第17話 夕方の校舎

 夕方の校舎というのは、全力の追いかけっこをするのには適したフィールドだと思う。


 何故かと言えば、それはやはり、部活時間であるから。


 もっと言うなら、部活で活用される場所以外に人が居ないからだ。


「あはははは! 楽しいねッ! 追いかけっこ、楽しいねッ!」


 後ろから高笑いしながら、ユイが包丁片手に全力疾走で追いかけてくる。


「キャー! キャー!」


 それに、腕の中のツユリは恐怖心が高まっているのか、身を縮こまらせて涙目で叫ぶばかりだ。


 僕はユイに言う。


「すごいねユイ! 僕持久走でも全国上位なんだけど、よくついてこられるね!」


「愛の力だよ! アキラくん!」


 愛の力らしい。

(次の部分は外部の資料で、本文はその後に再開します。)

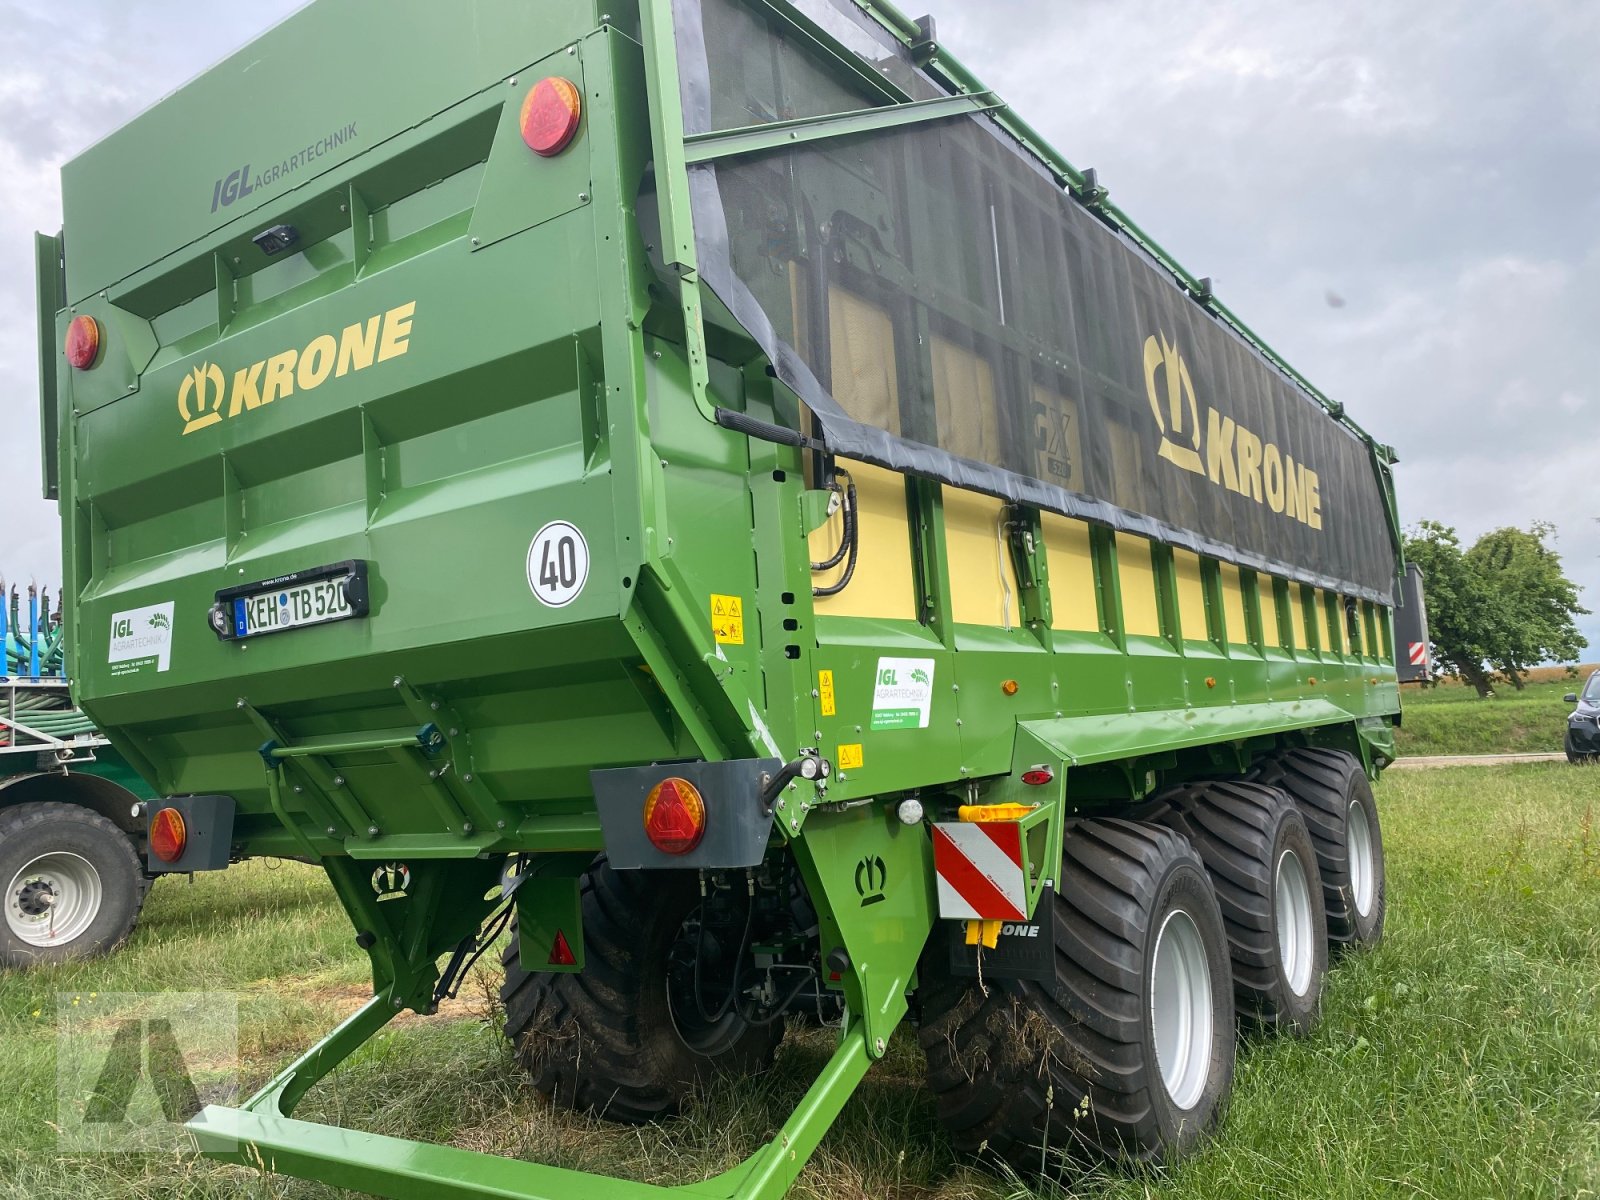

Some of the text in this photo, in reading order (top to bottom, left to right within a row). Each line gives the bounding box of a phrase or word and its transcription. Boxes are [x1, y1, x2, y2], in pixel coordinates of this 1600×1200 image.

[211, 121, 358, 214] IGL AGRARTECHNIK
[228, 300, 416, 418] KRONE
[1207, 406, 1322, 531] KRONE
[539, 535, 577, 592] 40
[113, 619, 134, 639] IGL
[239, 622, 244, 630] D
[246, 596, 279, 630] KEH
[290, 588, 312, 621] TB
[878, 669, 898, 686] IGL
[999, 924, 1040, 938] ONE

やはり愛の力は偉大だった。


 そんなやり取りを交わしながら、僕ら三人は校舎内を走り回っていた。


 その様はまるで持久走だ。そろそろ校舎を一周してしまう。


「ど、どうするの? お兄ちゃんのスタミナも無尽蔵だけど、このままだといずれ」


「そうだね。何か考える必要がありそうだ」


 僕は言うて全力疾走を10時間続けられるタフネス持ち主なので、僕の愛の力とユイの愛の力だと僕が勝つだろうが、逆に抱えられているだけで辛そうなツユリが持たないだろう。


 そう考えると何だこのもやしっ子は。いっぱい食べさせてあげないと。


「お兄ちゃん?」


「ハッ。ツユリに食べさせる献立に意識が持っていかれるところだった」


「何で?」


 意識を戻して、僕はこの状況の打開に思考を巡らせる。


「あはは♡ 待ってよぉ! アキラくーん♡」


「ふふふ、捕まえてごらん!」


 追いかけてくるユイの様子は、この速度の割には恋人同士の追いかけっこという感じだ。

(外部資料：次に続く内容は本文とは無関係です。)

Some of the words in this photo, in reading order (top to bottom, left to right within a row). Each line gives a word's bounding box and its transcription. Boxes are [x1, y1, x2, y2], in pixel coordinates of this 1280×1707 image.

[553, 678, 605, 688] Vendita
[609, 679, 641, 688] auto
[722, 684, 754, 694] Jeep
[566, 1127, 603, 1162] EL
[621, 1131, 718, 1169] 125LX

 そこに辛さは伺えない。耐えていればどうにかなるというものではないだろう。


 つまり撒く必要がある、ということだ。


「ツユリ、何かこう……まきびし風なものとか持ってないかい?」


「持ってる訳なくない? 持ってたら忍者だよそれ」


「確かに。僕は持ってるんだけど、僕のは純正品だから怪我をさせてしまうんだよね」


「お兄ちゃんって忍者なの?」


「……に、忍者じゃないよ?」


「ちょっと動揺した様子になるのやめてもらえる?」


 思い出すのは少し前の春休みのことだ。


 全身関節外しを覚えるために、忍者の秘境を探しあて、忍者の仲間入りを果たしたのだ。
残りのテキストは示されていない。